Quando Luca scrive il suo evangelo, parecchie decine di anni dopo l’ascensione, la Chiesa conferisce ormai il battesimo cristiano nello Spirito, attraverso il ministero degli apostoli. Il racconto dell’evangelista non manca certo di un fondamento storico, ma il suo interesse è rivolto in primo luogo alla storia della salvezza che continua nella comunità primitiva. Venuta meno l’attesa di una fine imminente, il richiamo del Battista alla conversione acquista un significato nuovo: gli uomini sono invitati a modificare la loro esistenza quotidiana, il loro modo di vivere nel presente.

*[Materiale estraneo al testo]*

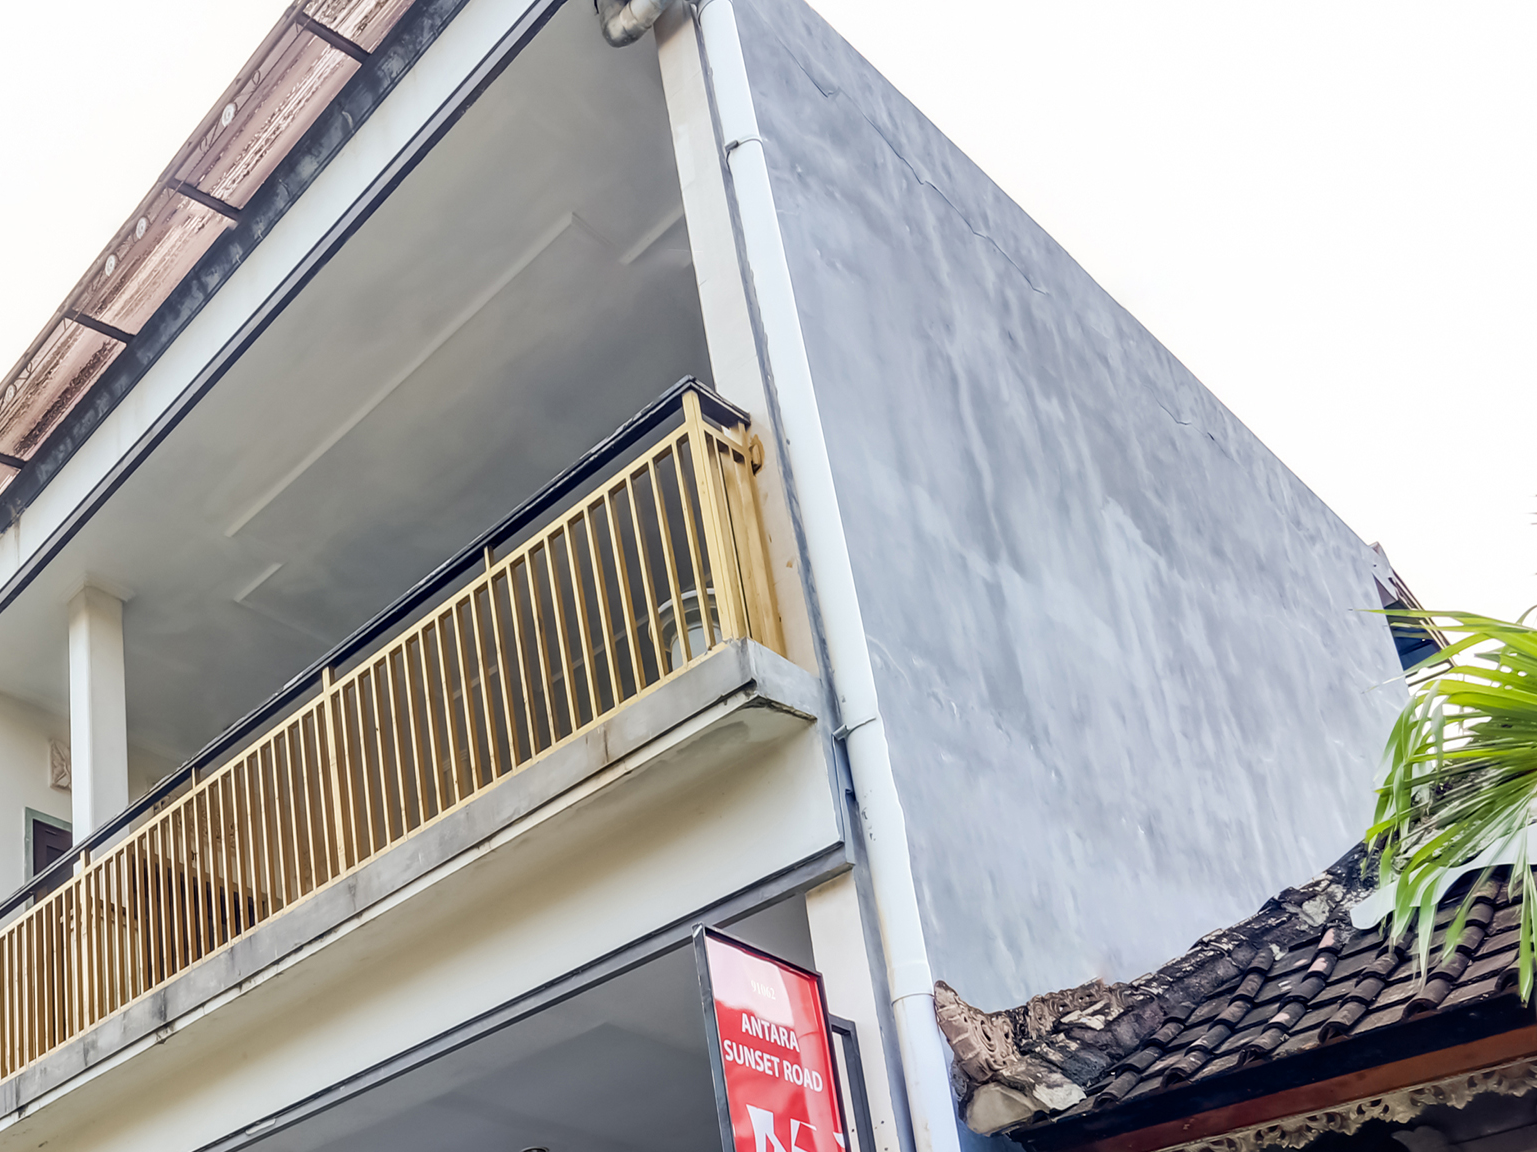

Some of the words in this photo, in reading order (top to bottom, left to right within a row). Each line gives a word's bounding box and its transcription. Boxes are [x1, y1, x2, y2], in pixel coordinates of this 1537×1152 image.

[750, 979, 776, 1000] 91062
[741, 1012, 801, 1053] ANTARA
[723, 1039, 780, 1078] SUNSET
[782, 1059, 824, 1092] ROAD

Le folle che Luca descrive nel brano di oggi sono un popolo, una moltitudine di uomini di buona volontà, di ogni condizione e professione. Attenti alle parole del precursore, hanno compreso di dover cambiare qualcosa nella propria vita. Come loro, poniamoci anche noi la domanda: «Che cosa dobbiamo fare?». È il punto di partenza di ogni conversione: bisogna rinunciare alla propria sufficienza, riconoscere la necessità di essere folgorati da una parola che ci farà uscire da noi stessi. Ciascuno poi cercherà il modo migliore per compiere, nel proprio ambiente di vita e nella professione, i suoi doveri di giustizia sociale, di aiuto reciproco e di carità.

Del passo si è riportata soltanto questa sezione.